(Data records)

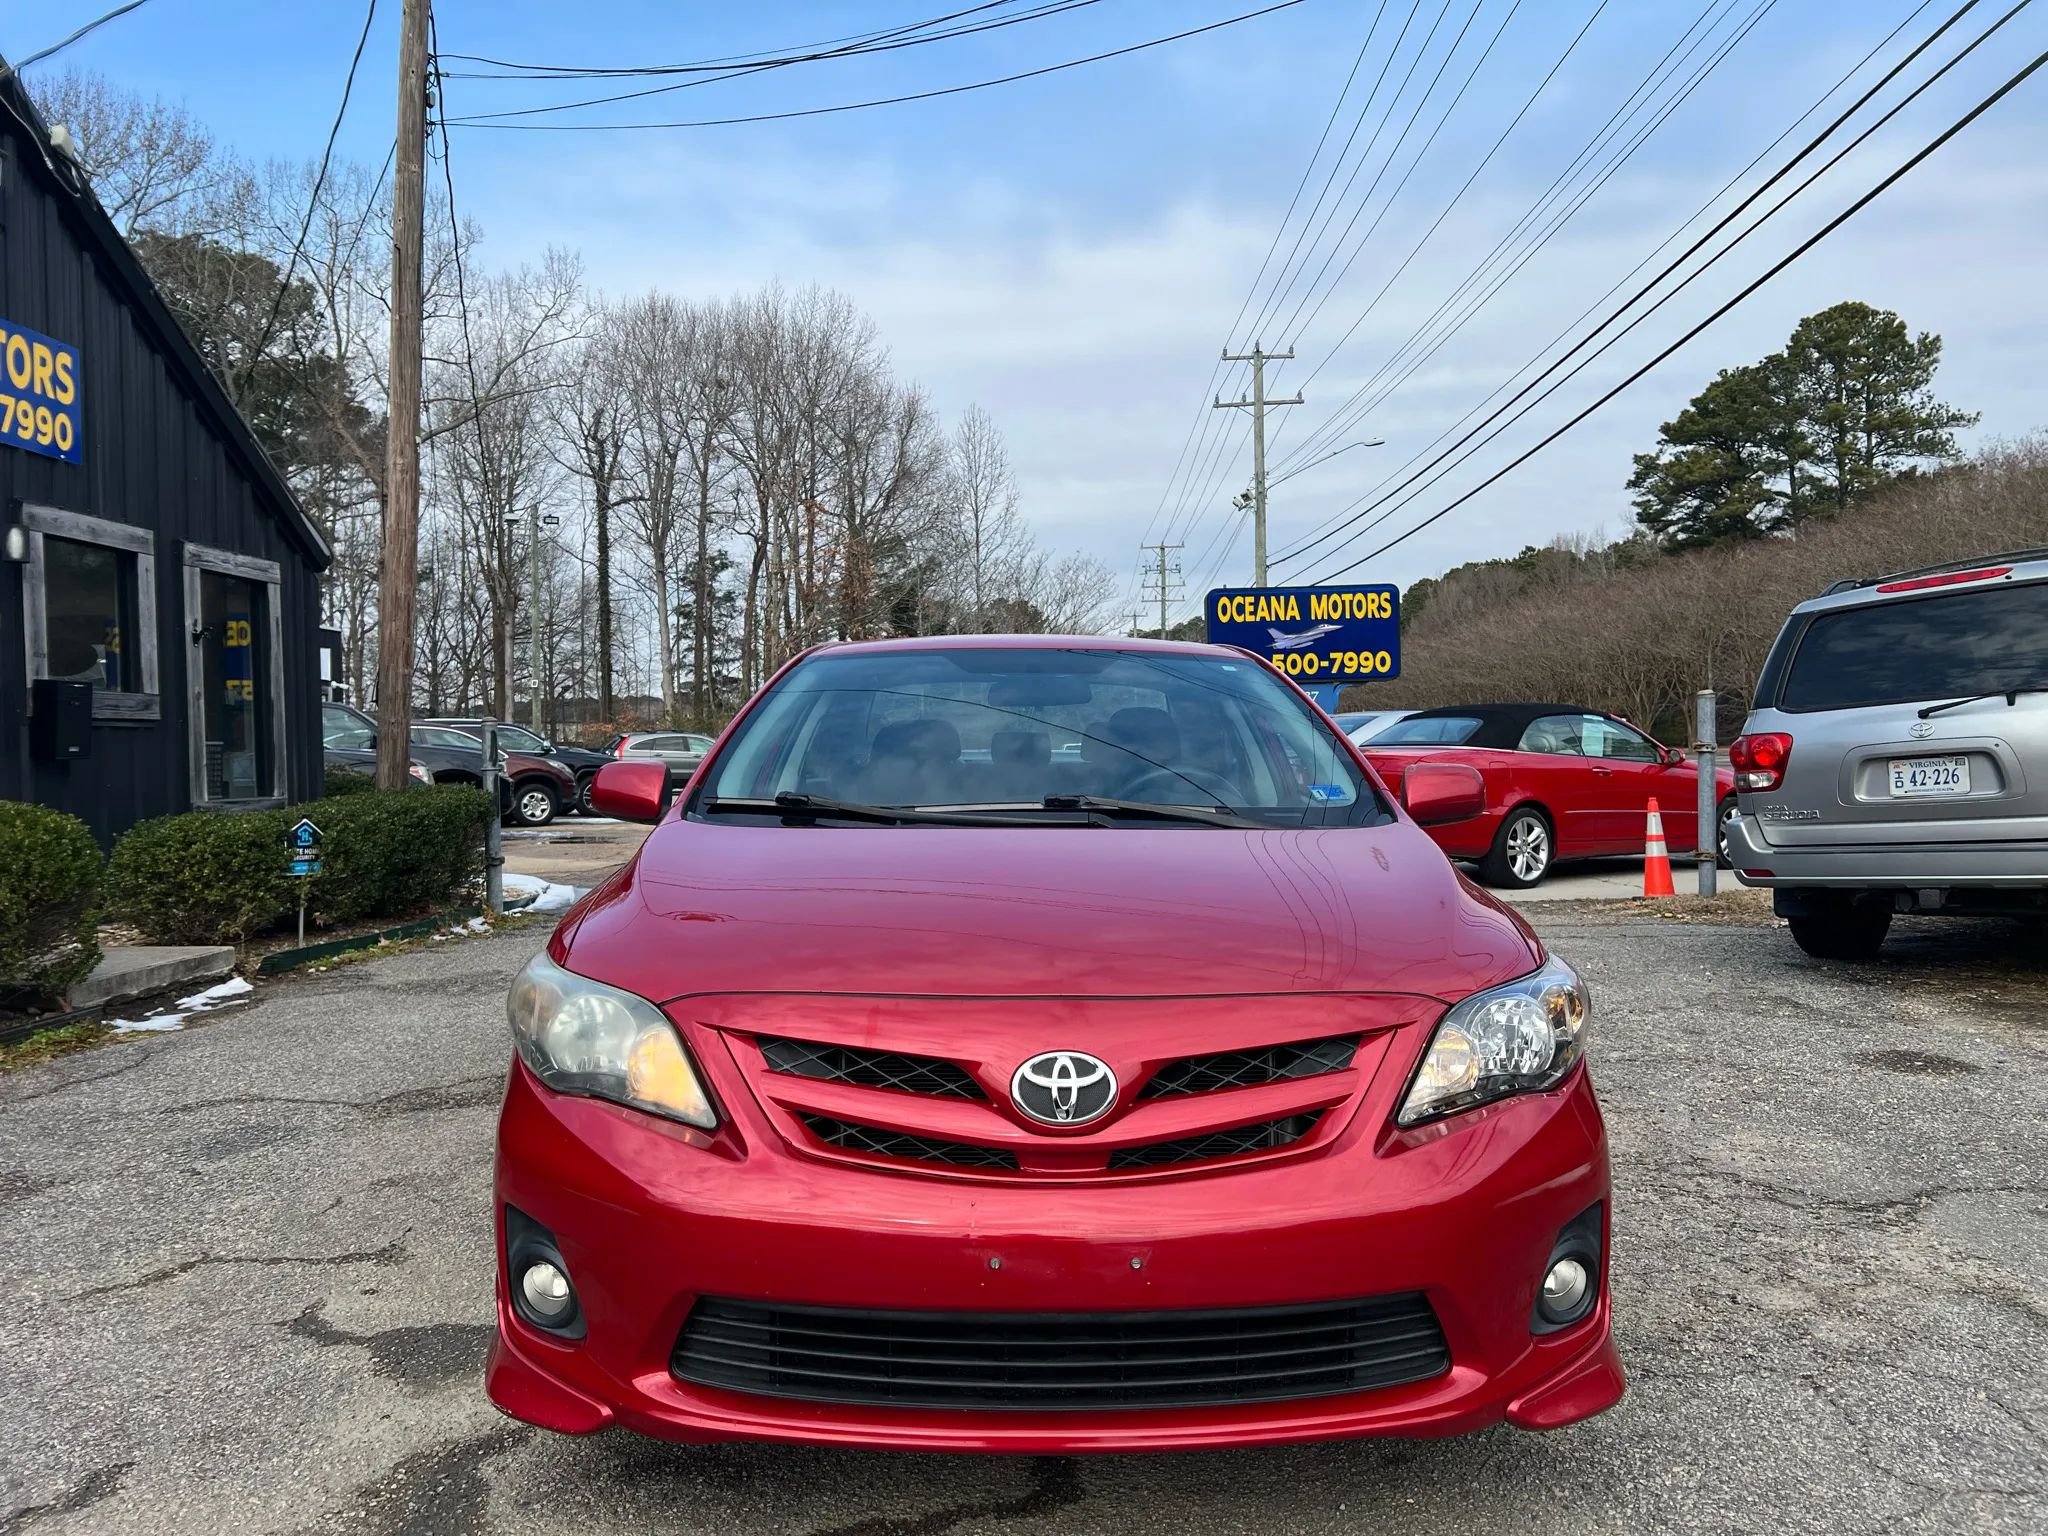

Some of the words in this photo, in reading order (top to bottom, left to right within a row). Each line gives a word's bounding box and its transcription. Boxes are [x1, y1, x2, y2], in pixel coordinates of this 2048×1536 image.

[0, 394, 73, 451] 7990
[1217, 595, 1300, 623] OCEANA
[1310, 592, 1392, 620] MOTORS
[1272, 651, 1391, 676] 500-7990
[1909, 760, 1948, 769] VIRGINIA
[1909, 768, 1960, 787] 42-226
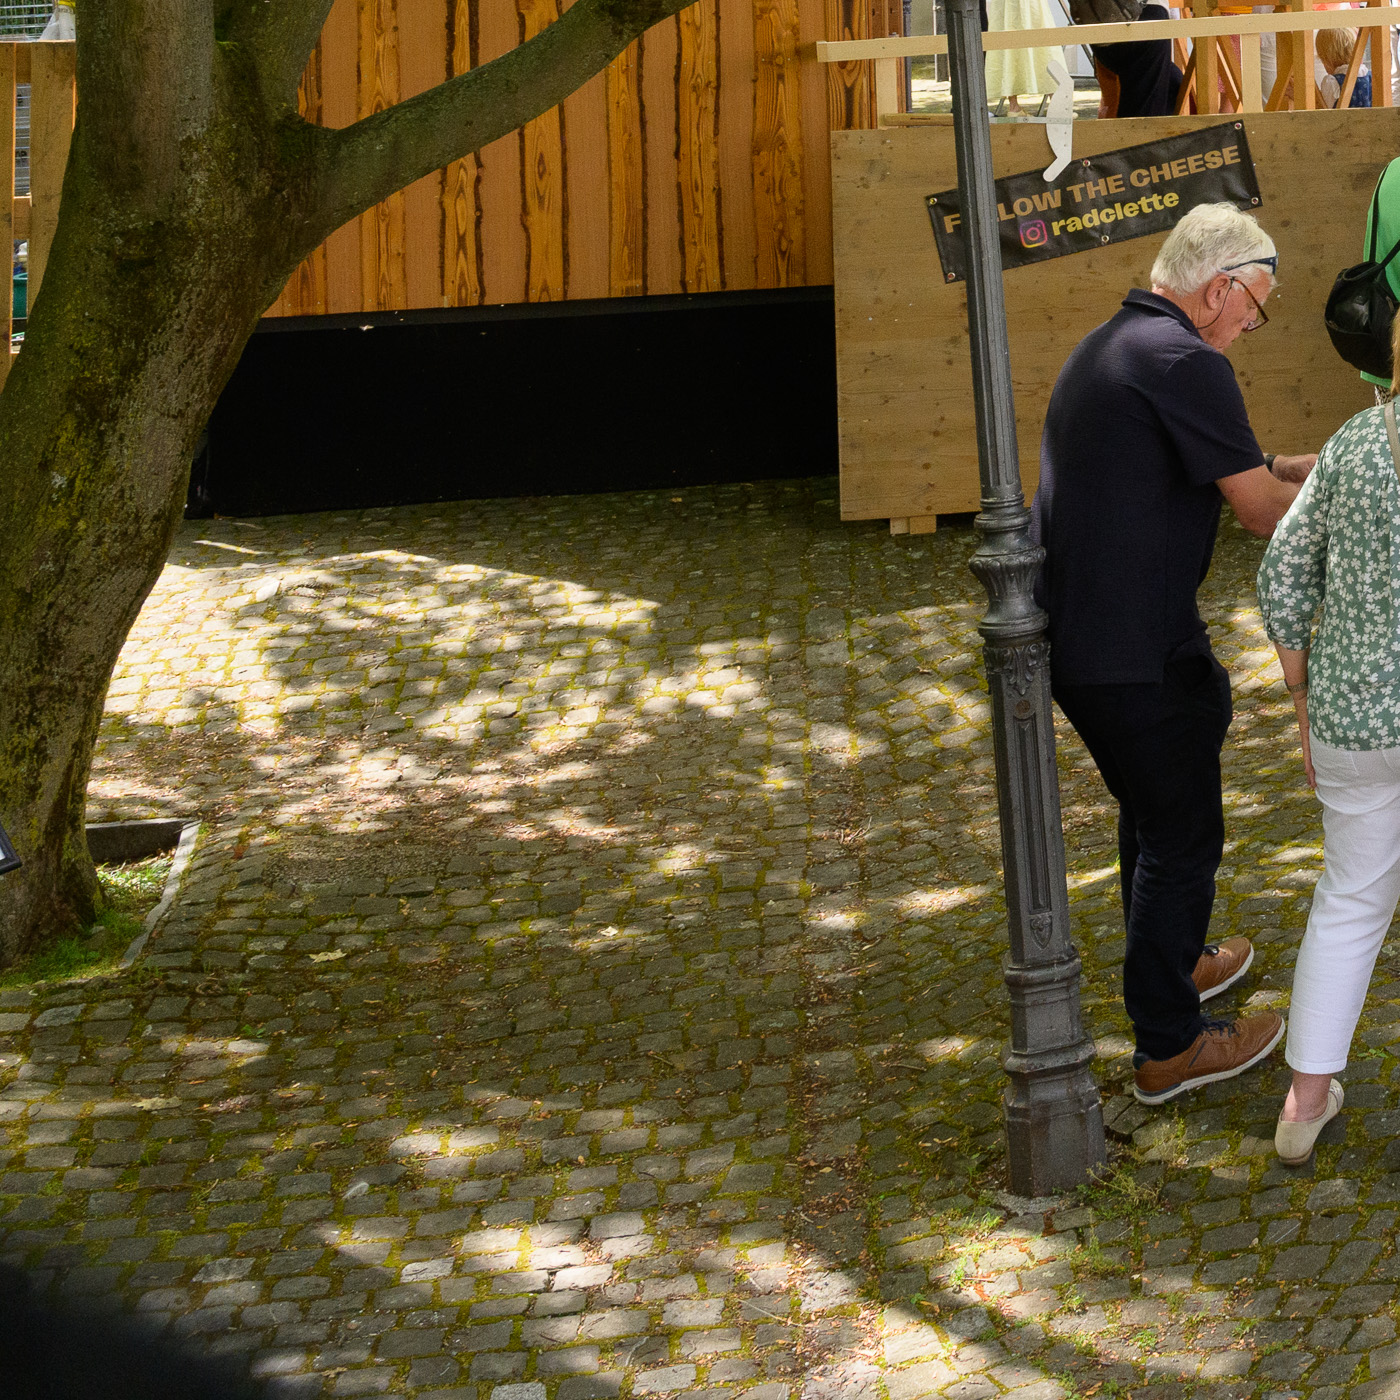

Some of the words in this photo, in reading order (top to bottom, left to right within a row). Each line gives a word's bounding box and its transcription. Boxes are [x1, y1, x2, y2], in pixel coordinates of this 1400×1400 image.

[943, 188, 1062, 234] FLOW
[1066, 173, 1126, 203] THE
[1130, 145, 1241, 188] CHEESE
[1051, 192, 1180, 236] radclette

-- TASK STATEMENT --
Every entry above is to be set down exactly; the pictures are to be left out.

-- ANSWER SECTION --
Some of the words in this photo, in reading order (top to bottom, left to right within a row). Each line gives a word's bounding box and its transcription. Boxes are [x1, y1, x2, y2], in pixel coordinates of this 2048×1536 image.

[0, 394, 73, 451] 7990
[1217, 595, 1300, 623] OCEANA
[1310, 592, 1392, 620] MOTORS
[1272, 651, 1391, 676] 500-7990
[1909, 760, 1948, 769] VIRGINIA
[1909, 768, 1960, 787] 42-226

Some of the words in this photo, in reading order (top to bottom, left to right within a row). Each line gives a word's bounding box and its transcription. Boxes are [x1, y1, x2, y2], in pixel coordinates of this 1400×1400 image.

[943, 188, 1062, 234] FLOW
[1066, 173, 1126, 203] THE
[1130, 145, 1241, 188] CHEESE
[1051, 192, 1180, 236] radclette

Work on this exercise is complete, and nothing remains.